— Нет, вы очень пьяны. Очень. И я прошу оставить меня в покое. И вообще, вы забываете, гражданин Окатов, что здесь школа! — твердила в смятении Линка.
— Нет, врешь, сударыня! — крикнул Епифан Окатов, вскакивая с табуретки. — Врешь, сударыня. Не школа — мой собственный дом. Он мне встал в одну тысячу восемьсот пятьдесят два «рубля золотой монетой в довоенное время! Его мне строил знаменитый курганский подрядчик Ксенофонт Куркин. Понятно? Это он построил церковь архистратига Михаила в станице Пресновской и четыре крестовых дома скотопромышленнику Афоне Боярскому. Жулик! Но мастер — золотые руки! Да и как мне его забыть? Ведь он увез в город Екатеринбург мою волчью доху с касторовым верхом. Э, какая это была доха! Я ездил в ней от Каркаралов до города Петербурга в самую лютую стужу. Это в ней я гонял тысячные гурты рогатых и имел великие барыши…
С грохотом, зацепив пустое ведро, спрыгнула с печки Кланька. Заспанная, в одной грубой холщовой рубахе, разодранной на спине, она ринулась с пудовыми, как кувалды, кулаками на Епифана.
— Выдь отсюдова, жаба! — крикнула Кланька громоподобным басом.
Отпрянув от косяка, Епифан поднял указательный палец и проговорил:
— Не пугай меня, дама в исподней рубахе!
— Выдь отсюдова, жаба, пока я через поганый твой рот за твоей душой не слазила! — загремел еще сильнее Кланькин бас.
— Не играй на слабых нервах моих, Клавдия! — проговорил Епифан. — Ты забываешь, что я под собственной крышей стою. Я сим хоромам хозяин или не я?!
— Нет, не ты! Не ты! Не ты, выродок! — хрипела Кланька, надвигаясь на него могучей грудью.
— Ах так! — кричал Епифан, невольно пятясь от Кланьки. — Ах так, бездомные шлюхи! Я покажу вам, чей это дом. Я обратно приношу его в жертву под контору колхоза «Сотрудник революции». Бескорыстно, как Иисус Христос! Вам это, дурам, понятно?!
Но Кланька с такой силой съездила кулаком по багровому от гнева и хмеля лицу Епифана Окатова, что тот, не охнув, задом вылетел в распахнутую дверь и, прогрохотав по крылечку, в мгновение ока очутился на улице.
Только тут Линка немного пришла в себя. Перевела дыхание. Зло покусывая конец косынки, она мысленно рассуждала с собой: «Как он смел? Как он смел назвать меня снохой?! Откуда он взял это? Что он обо мне думает?!» Она не знала, что ей делать — пойти ли в совет и пожаловаться там на непристойное поведение Епифана Окатова, или набраться решимости — броситься со всех ног в степь, туда, к Роману, рассказать ему обо всем.
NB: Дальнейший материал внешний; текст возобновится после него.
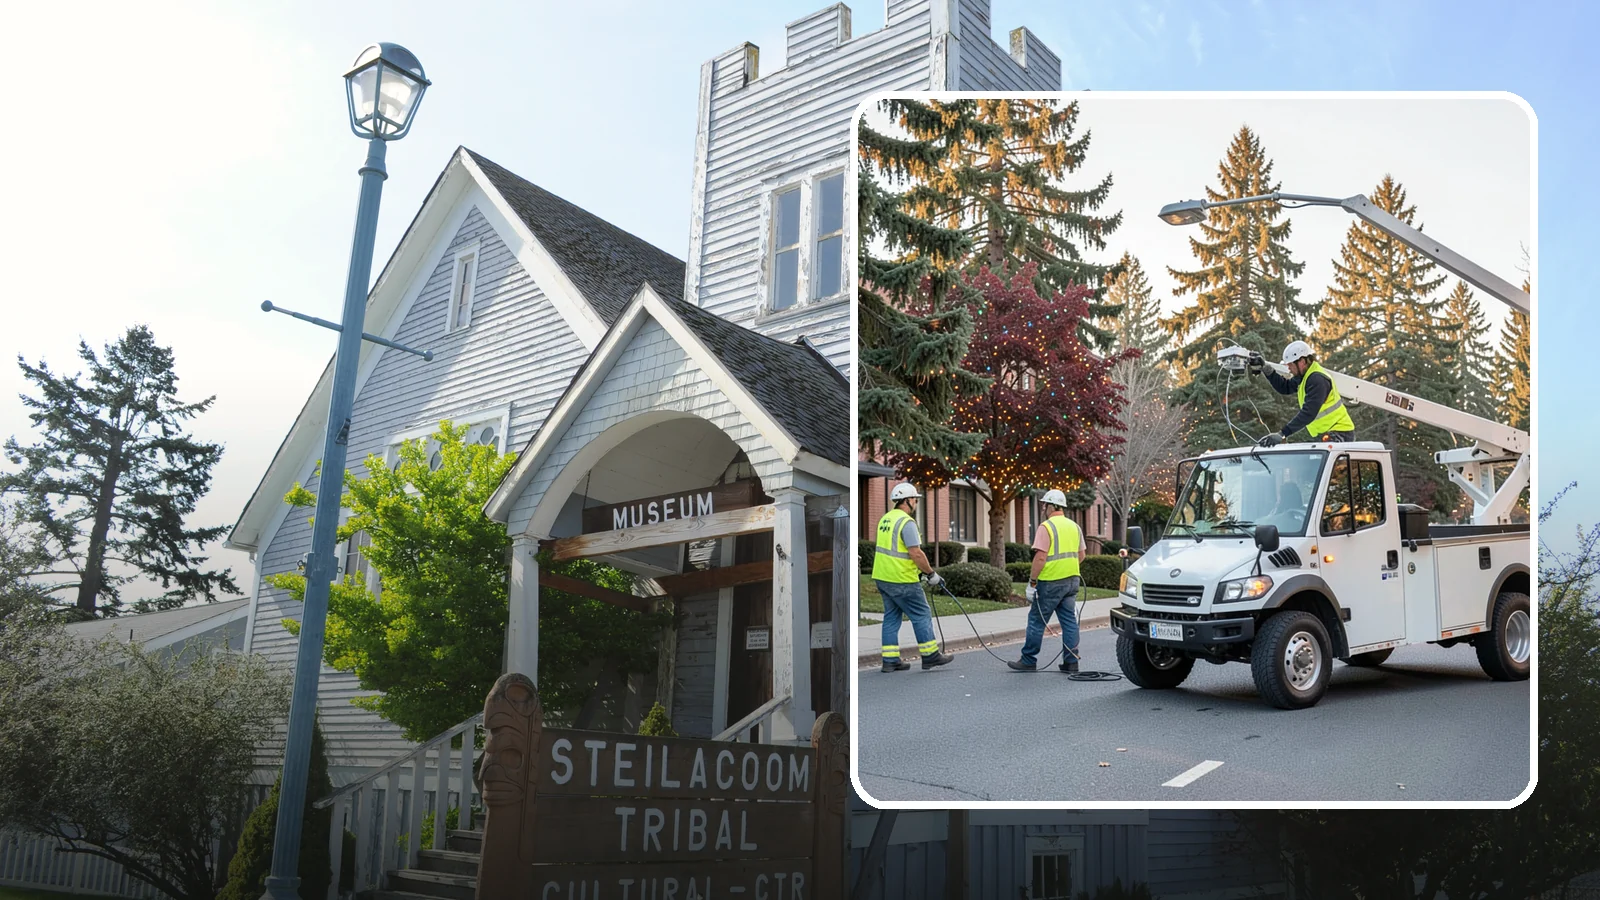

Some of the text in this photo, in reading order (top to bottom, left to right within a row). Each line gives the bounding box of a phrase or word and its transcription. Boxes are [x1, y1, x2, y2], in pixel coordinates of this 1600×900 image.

[613, 491, 713, 530] MUSEUM
[551, 738, 809, 793] STEILACOOM
[615, 807, 757, 852] TRIBAL
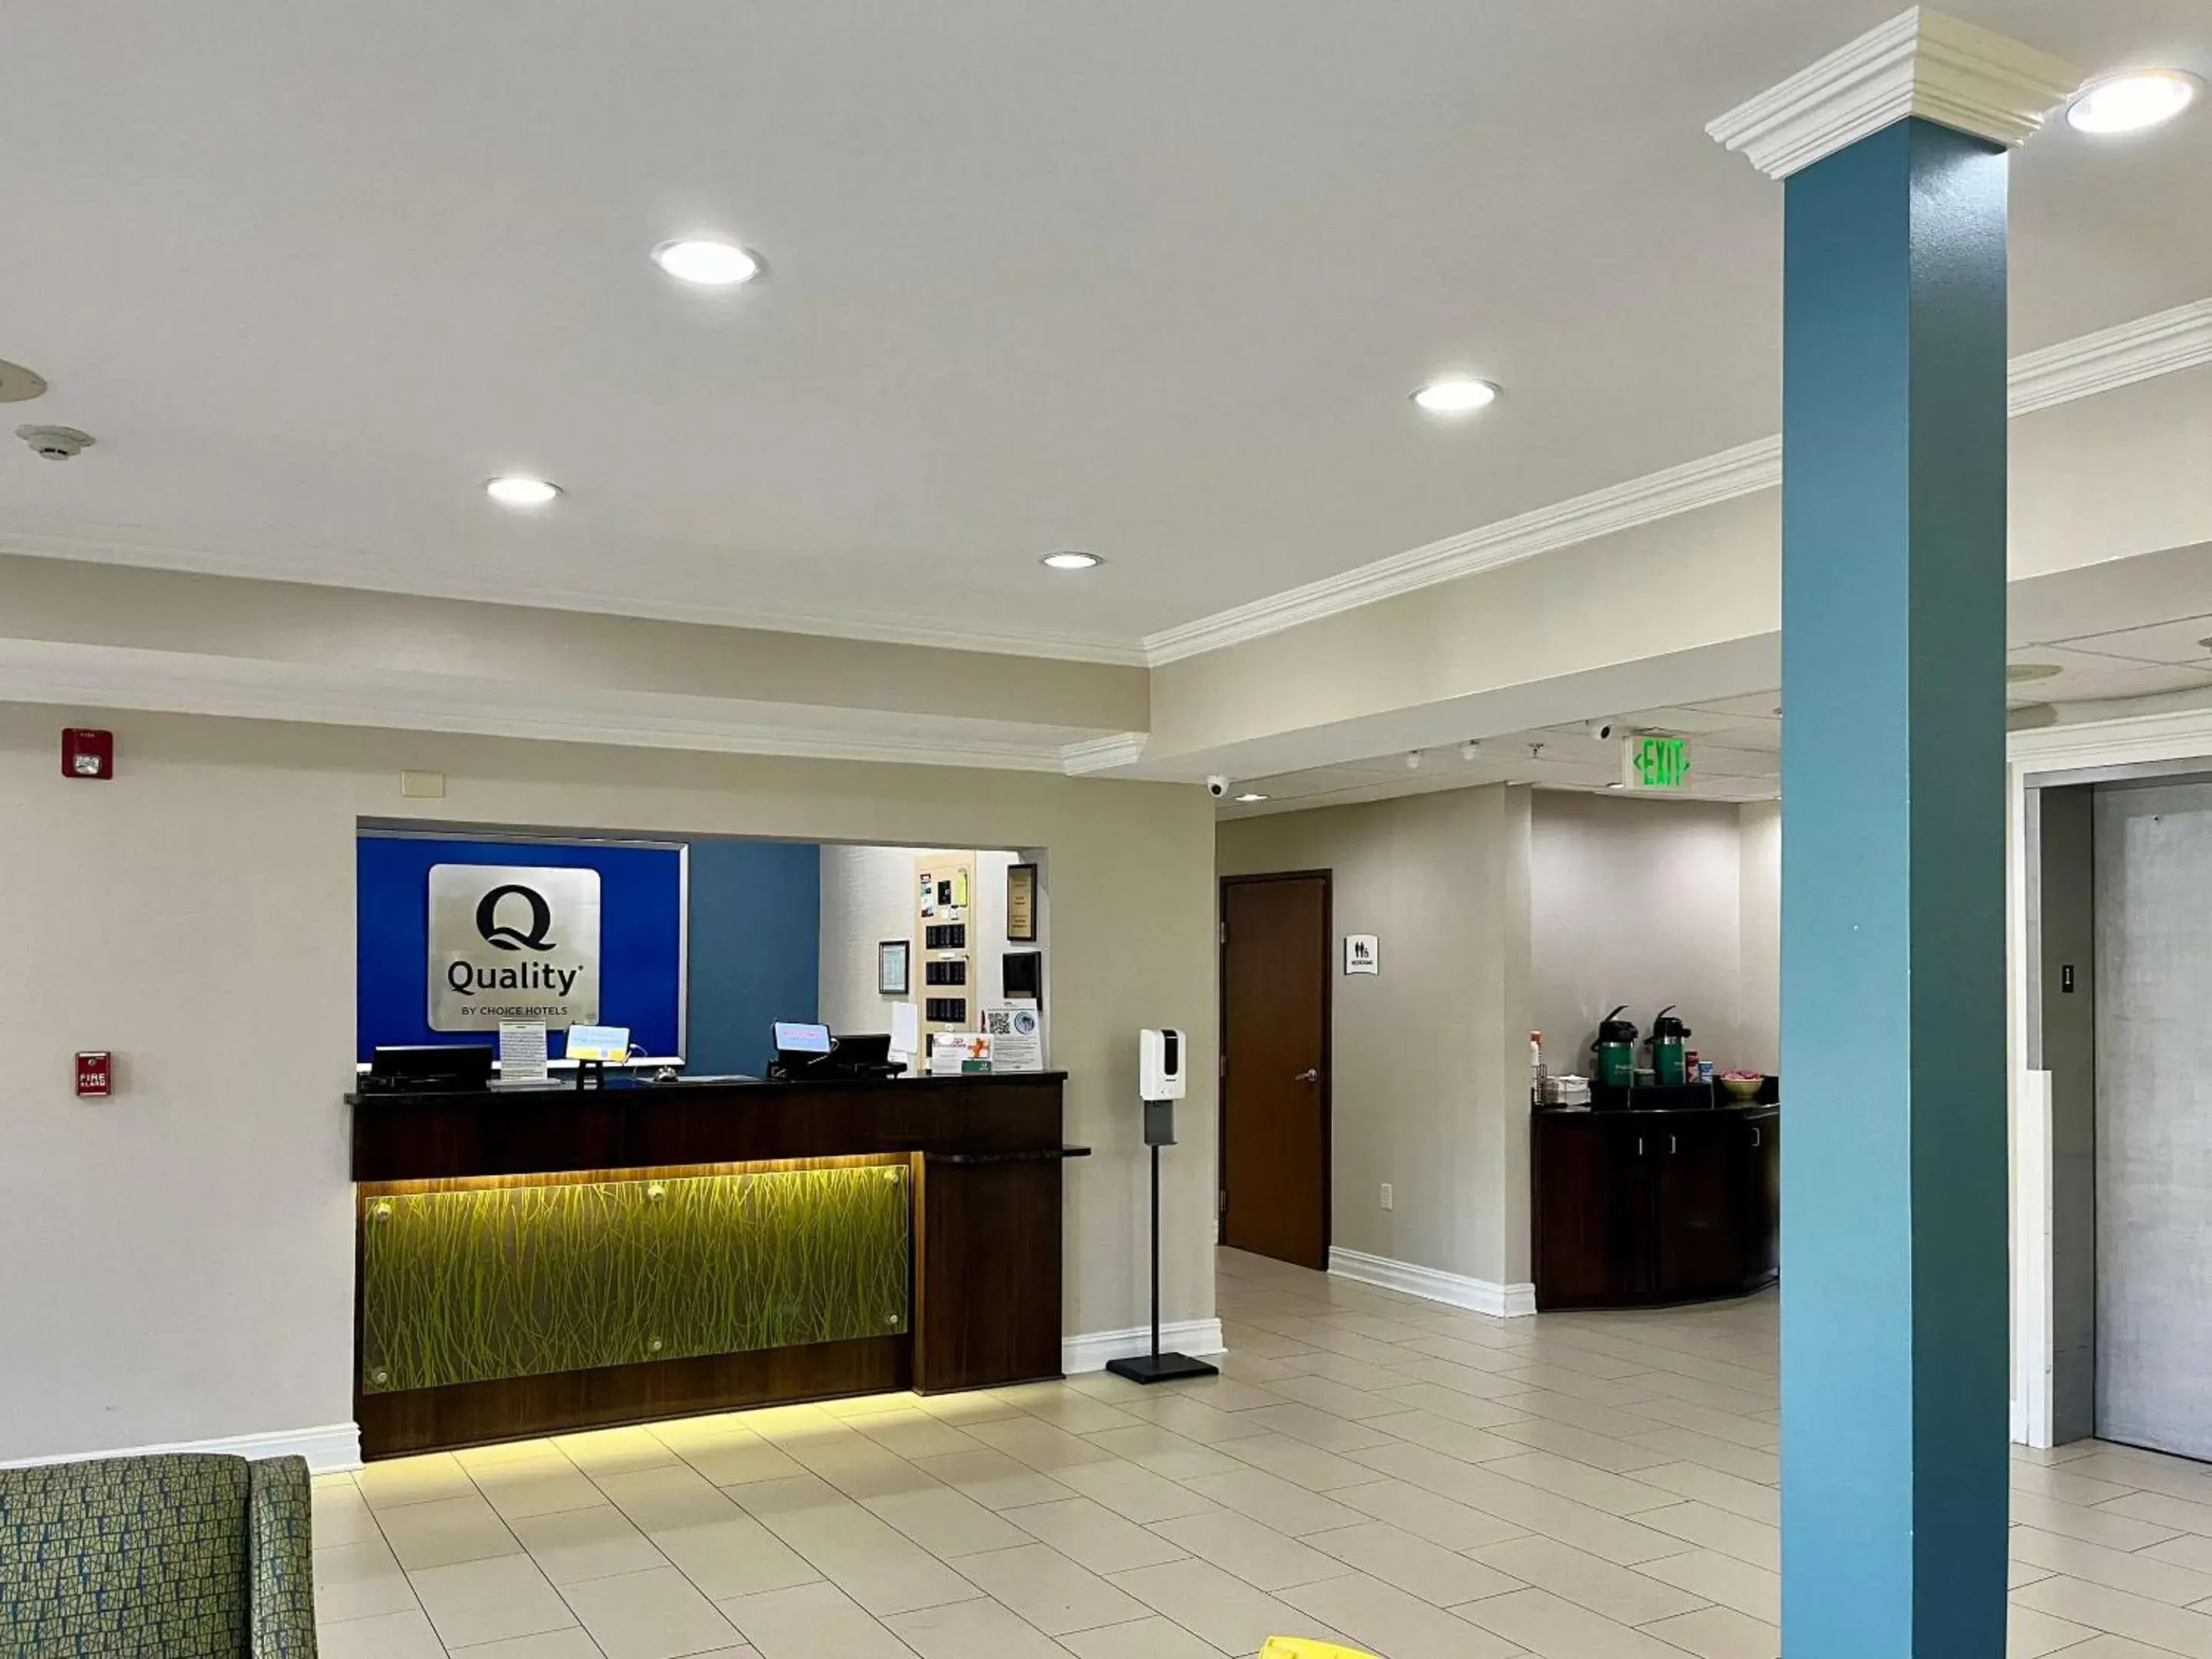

Но о чем она могла рассказать теперь ему? Как рассказать? Какими словами поведать ему, что пережила она за полные смятения и тревоги дни?
Линка долго стояла в полузабытьи, так и не решив ни одного из этих сложных для нее вопросов..
28
Нелегко было боронить ребятам поднятую целину. Деревянные бороны, скользя поверху, только слегка, как гребешками, причесывали тяжелые пласты, не взрыхляя как следует землю. Тогда решено было боронить сперва вдоль, затем поперек — в четыре следа. Вот уж нет пи-чего утомительнее и скучнее на свете, как кружиться бороноволоку день-деньской по одному и тому же следу! Ездишь, ездишь взад-вперед, отекут, одеревенеют согнутые в стременах ноги, наберешь полный рот пыли и земли, перепоешь все на свете знакомые песни, передумаешь все думы, а взглянешь на противоположную межу — по-прежнему далека еще она от тебя, далека и недоступна.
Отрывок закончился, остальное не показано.